We declare we have no competing interests.

Figures

**Figure 1.**
Cellular fate of mitochondrial precursor proteins translated in the cytosol. (a) The majority of mitochondrial proteins are encoded by genomic DNA, and their translation is executed outside mitochondria. After synthesis on ribosomes, mitochondrial proteins are transported to their destination inside mitochondria. In the case of failure of any of the processes that are involved in protein synthesis or transportation to the organelle, proteins are ubiquitinated and degraded by the proteasome or can form aggregates in the cytosol. (b) Schematic representation of mitochondrial protein translocation and sorting pathways. Precursor proteins that are synthesized in the cytosol cross the outer mitochondrial membrane by a common entry gate: the translocase of the outer membrane (TOM) complex. They are then routed by sorting pathways to their target location within mitochondria. Proteins that are destined to the outer membrane are built into the membrane by sorting and assembly machinery (SAM) or use the insertase of the mitochondrial outer membrane (MIM). Many proteins of the intermembrane space follow the mitochondrial import and assembly (MIA) pathway. Insertion into the inner mitochondrial membrane is mediated by translocases of the inner membrane TIM22 and TIM23. Matrix proteins use the TIM23 translocase coupled with the presequence translocase-associated motor (PAM).

**Figure 2.**
Ubiquitin–proteasome system involvement in the regulation of mitochondrial dynamics. The mitochondrial network in living cells undergoes constant changes that involve organelle fusion and fission (division). Because of the importance of mitochondria, the proper regulation of these processes is critical for cell health. Fusion and fission antagonist processes are regulated by several proteins that promote one or another series of actions.
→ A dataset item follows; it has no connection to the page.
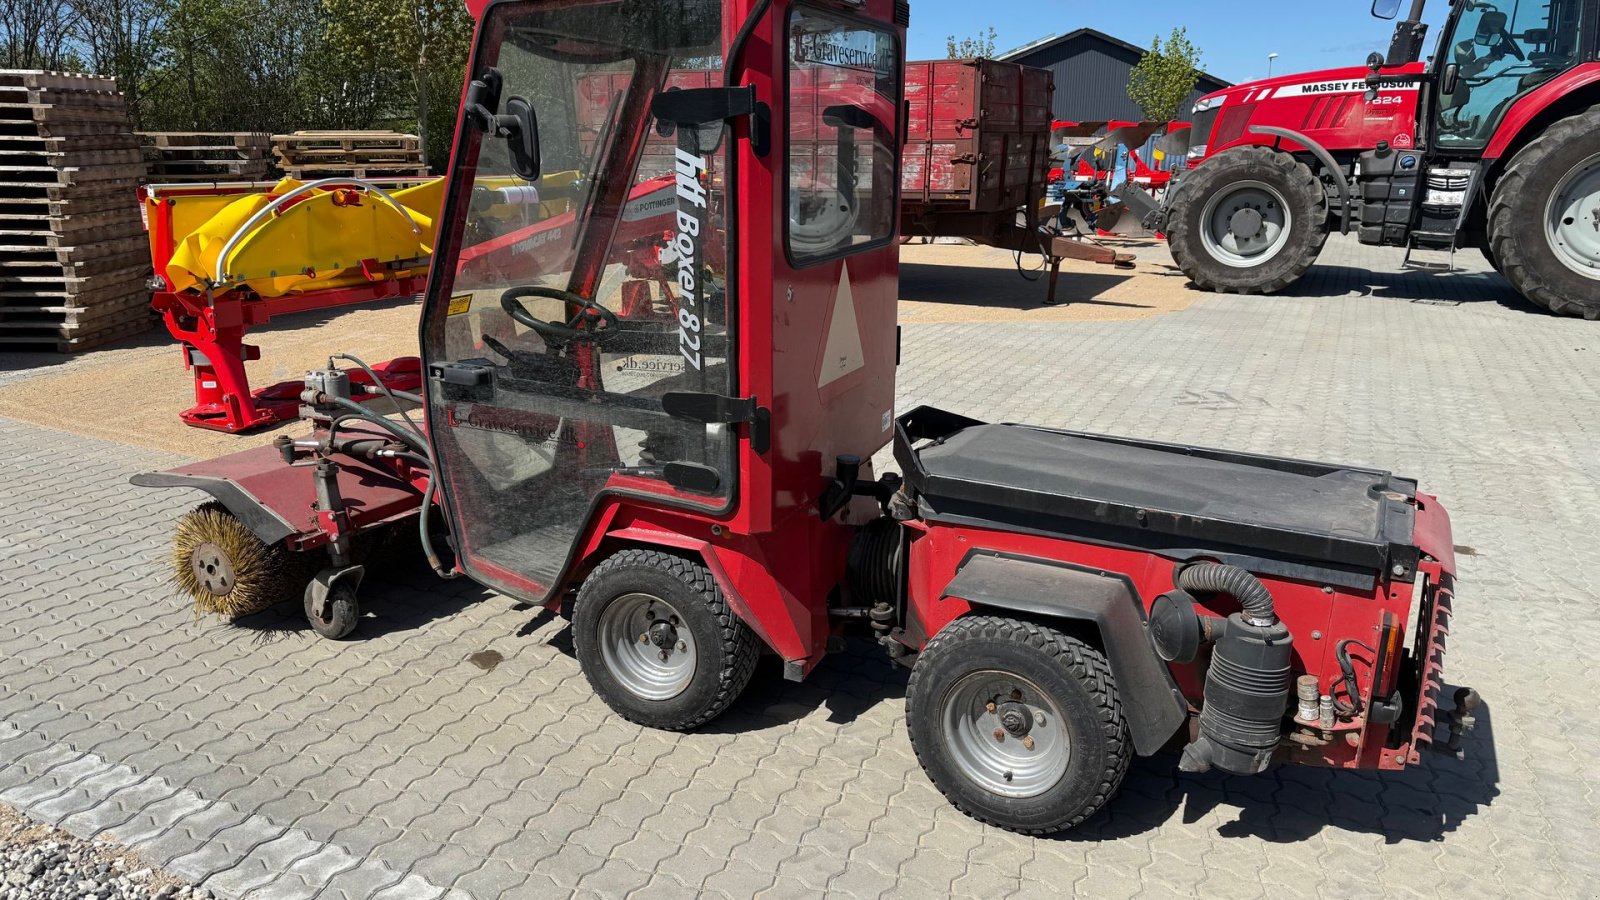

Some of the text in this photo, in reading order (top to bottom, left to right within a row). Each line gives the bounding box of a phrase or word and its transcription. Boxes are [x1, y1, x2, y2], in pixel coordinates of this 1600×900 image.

In mammalian cells, during the fission process, Drp1 and Fis1 proteins accumulate on the mitochondrial outer membrane, whereas Mfn1 and Mfn2 proteins are ubiquitinated and degraded by the proteasome. In the process of mitochondrial fusion, the opposite direction is observed, in which Mfn1 and Mfn2 protein levels increase, and Drp1 and Fis1 proteins are directed for proteasomal degradation.

**Figure 3.**
Proteasome-dependent strategies of mitochondrial protein degradation. Mitochondrial proteins are exposed to the proteasomal degradation in several ways. (a) The mitochondria-associated protein degradation (MAD) process is homologous to endoplasmic reticulum-associated protein degradation (ERAD). During MAD, mitochondrial outer membrane (OM) proteins are extracted from the organelle through the highly conserved AAA-ATPase Cdc48 (yeast; VCP or p97 in mammals) and directed to proteasomal degradation. (b) The proteasomal degradation of mitochondrial proteins also occurs after protein retro-translocation from the mitochondrial intermembrane space. Once proteins are translocated to the mitochondrion through the TOM complex, they are trapped inside the organelle as a result of their oxidative folding that is orchestrated by the mitochondrial import and assembly (MIA) machinery. If the disulfide bonds are not formed or become reduced, then the protein can retro-translocate and be degraded by the proteasome in the cytosol. (c) The proteasome is also involved in the degradation of mitochondrial precursor proteins that fail to be transported to the organelle because of defects in protein import or protein stalling on the translocase of the outer membrane (TOM) complex.

**Figure 4.**
Proteasome activity modulation by reactive oxygen species levels and mitochondrial protein transport impairment. (a) An increase in reactive oxygen species (ROS) levels causes higher proteasome activity. A mild increase in ROS levels promotes stronger activity of the 26S proteasome. High ROS levels promote stronger activity of the 20S proteasome. Finally, after a prolonged increase in ROS, more active, alternative proteasome complexes are formed. (b) Impairment in mitochondrial protein transport leads to the accumulation of mitochondrial precursor proteins in the cytosol. This increases proteasome assembly and activation in the process of unfolded protein response activated by mistargeted proteins (UPRam).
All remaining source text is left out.